What is your take on this?

sdflhasjd 10/28/2024||
It's interesting that service complaints are so popular on HN. I always feel a bit bad that my most popular HN contribution was me complaining about a popular service
kelnos 10/28/2024||
I flag most complaint posts, unless the complaint actually brings to light or discusses something surprising or unique that can be generalized and discussed.

I generally find these posts pretty boring, and most comments on them are people recounting their own stories about how that (or a similar) service screwed them over. I suppose they can be a decent way to warn people off of a particular product (scammy, terrible customer support, whatever), but that's not what I come to HN for.

Karrot_Kream 10/28/2024|||
A popular theory on techie parts of the web is that engagement-optimizing sites create this negativity loop, but I disagree. I think negativity is naturally something that people seek no matter what the algorithm is. In an upvote based site, outrage ranks to the top. I also think text based platforms suffer from negative engagement much moreso than multimedia platforms.

Model correlation is decent here but there's certainly more to do to use its outputs predictively.

johnfn 10/29/2024|||
I don't really agree with this. I go and hang out with my friends, and we don't all end up getting outraged about stuff. I go for a walk in the park and no one is shouting at me; I go to a restaurant and people are sitting around normally discussing whatever. If you start quoting outrage bait that you read online, people might look at you strangely.

My point is I don't think people seek out outrage. Social media's algorithms may not explicitly reward it as transparently as `if (post.outrage > 100) post.boost()`, but outrage isn't some default rule of interaction.

miki123211 10/28/2024||||
As a mastodon user, I can definitely confirm this.

Give people the way to repost / retweet / boost, and your feed suddenly turns into mostly negativity, even if your algorithm is "show posts from my followers only, newest to oldest"

Karrot_Kream 10/28/2024||
Yeah my Bluesky followers are carefully curated to stop from swelling into negativity. I've been playing around with a labeller that filters followed posts into those that I find emotionally pleasant which I've been training based on my own labeling of followers' posts. The goal is to follow more people and have the labeller (or feed generator depending on how I go) hide the posts I don't care for.
Vampiero 10/28/2024||||
If that theory were true then, what about every website on the internet pre-2010? What about 4chan?

See also https://en.wikipedia.org/wiki/Negativity_bias

We're just built like that.

Regarding text platforms suffering more than non-text platforms, I think it's because of the lack of social cues that are otherwise there. You can infer a lot from the way someone talks, or from their body language. You can't infer much from text, which is partly why Poe's law exists -- sarcasm doesn't translate well.

Karrot_Kream 10/28/2024||
> what about every website on the internet pre-2010

It was definitely there. Plenty of forums had "rant threads" that were efforts to quarantine shitty reactionary behavior like this. Also a lot of the healthier forums were smaller forums. I was on plenty of forums that had 10-20 folks on them that today would just be a Telegram group chat or a small Discord "server". These small spaces tend to be a lot lower on toxicity than larger fora. I was part of a few large fora like Gaia Online and they were just as toxic as today's large platforms. Managing large communities with chronological posting is really difficult and upvote based social networks were the first real networks to be able to scale to larger userbases without having hundreds of moderators (like Gaia or the large MUDs.)

> What about 4chan?

4chan is immune because the default emotional register there is indignant dismissal. Because of this it's just a matter of choosing what else to layer ontop of the indignant dismissal, like sarcasm or anger or whatnot.

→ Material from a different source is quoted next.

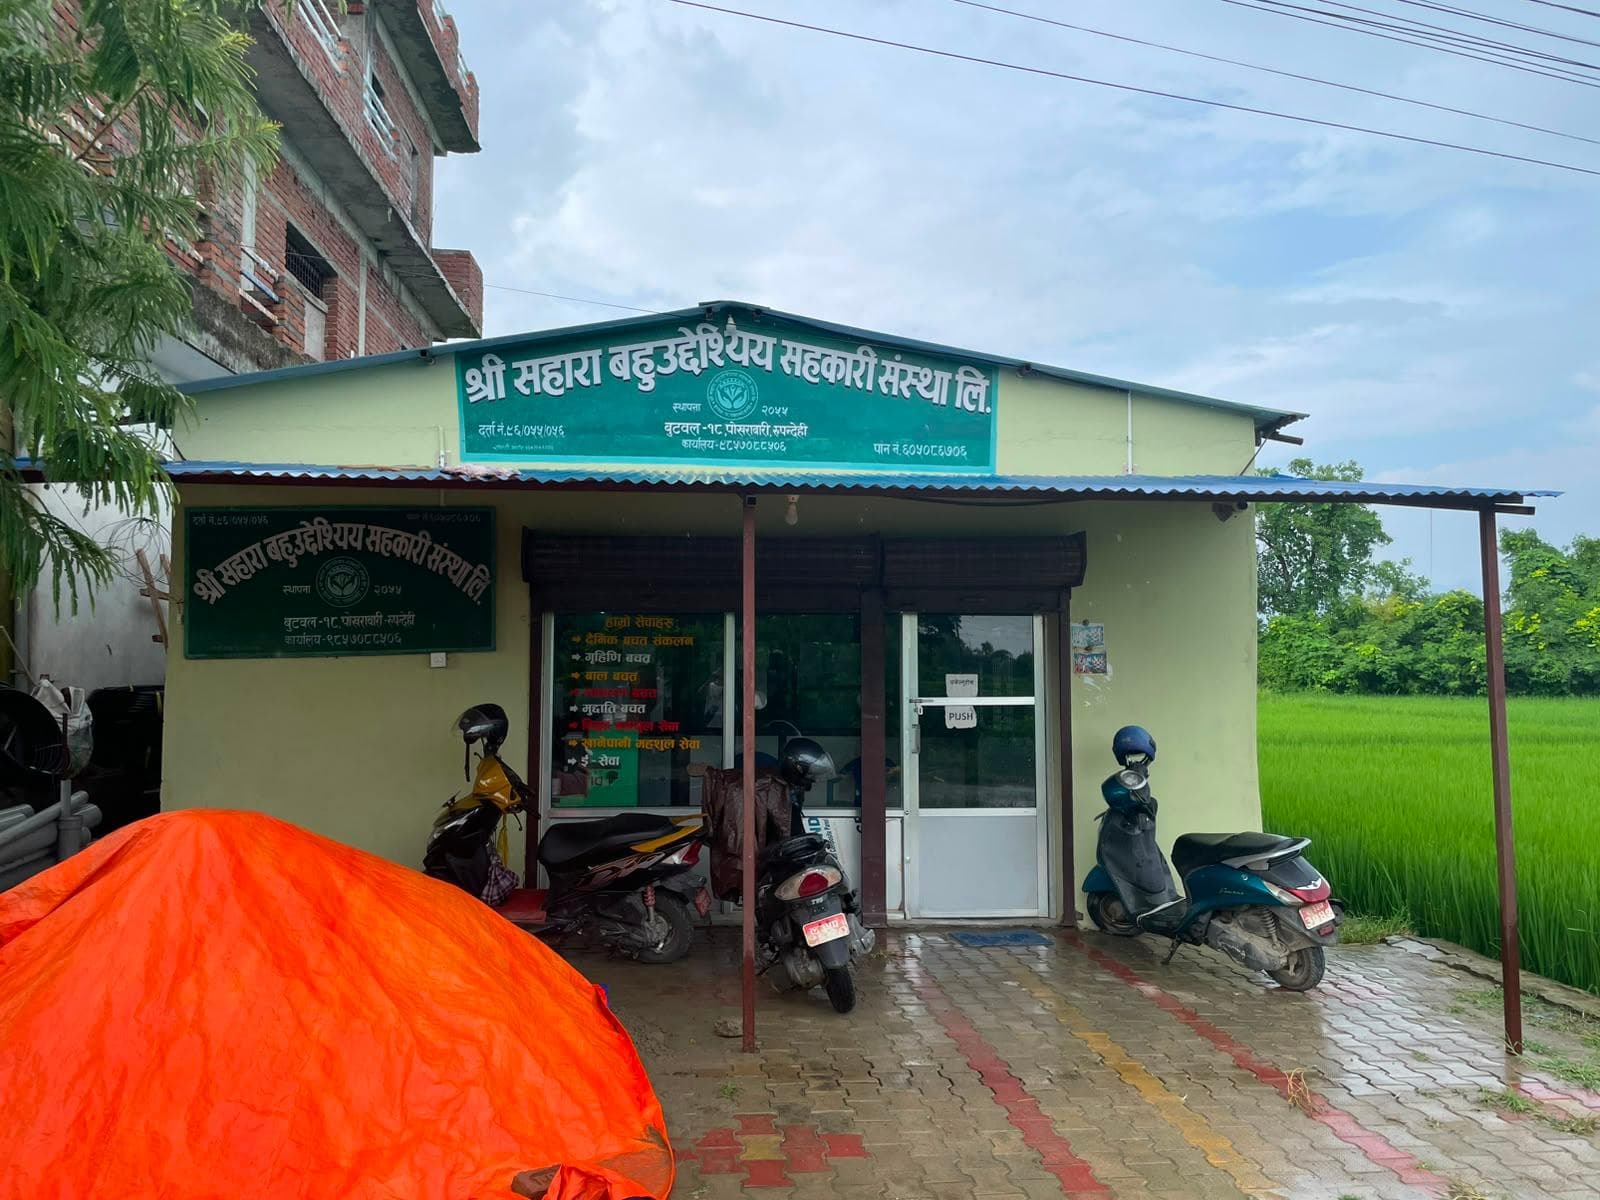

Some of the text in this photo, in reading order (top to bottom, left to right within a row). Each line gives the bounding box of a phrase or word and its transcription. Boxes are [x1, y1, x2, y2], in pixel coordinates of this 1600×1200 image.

> Regarding text platforms suffering more than non-text platforms, I think it's because of the lack of social cues that are otherwise there. You can infer a lot from the way someone talks, or from their body language. You can't infer much from text, which is partly why Poe's law exists.

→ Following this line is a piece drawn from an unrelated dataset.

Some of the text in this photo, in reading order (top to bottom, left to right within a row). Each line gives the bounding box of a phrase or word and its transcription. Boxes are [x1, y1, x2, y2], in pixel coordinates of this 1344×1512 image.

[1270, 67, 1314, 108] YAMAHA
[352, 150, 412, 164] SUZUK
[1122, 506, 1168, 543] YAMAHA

That's an interesting theory actually. My theory was that in the age of multimedia platforms, text platforms tend to attract folks who specifically want to use text over multimedia. Generally text forums will select for folks with social or self-esteem issues. These folks are the least likely to healthily deal with their emotions or disengage positively. This leads to higher toxicity on text based platforms.

Eisenstein 10/29/2024|||
> My theory was that in the age of multimedia platforms, text platforms tend to attract folks who specifically want to use text over multimedia. Generally text forums will select for folks with social or self-esteem issues. These folks are the least likely to healthily deal with their emotions or disengage positively. This leads to higher toxicity on text based platforms.

Some people like to take time to compose thoughts in written form because that is generally the best way to communicate thoughtfully. You can say what you will about a lack of body language, but plenty of people get into verbal fights in person and it doesn't help that they end up talking over each other.

I think that your assertion that people who communicate via text have social issues is without evidence and is reductive.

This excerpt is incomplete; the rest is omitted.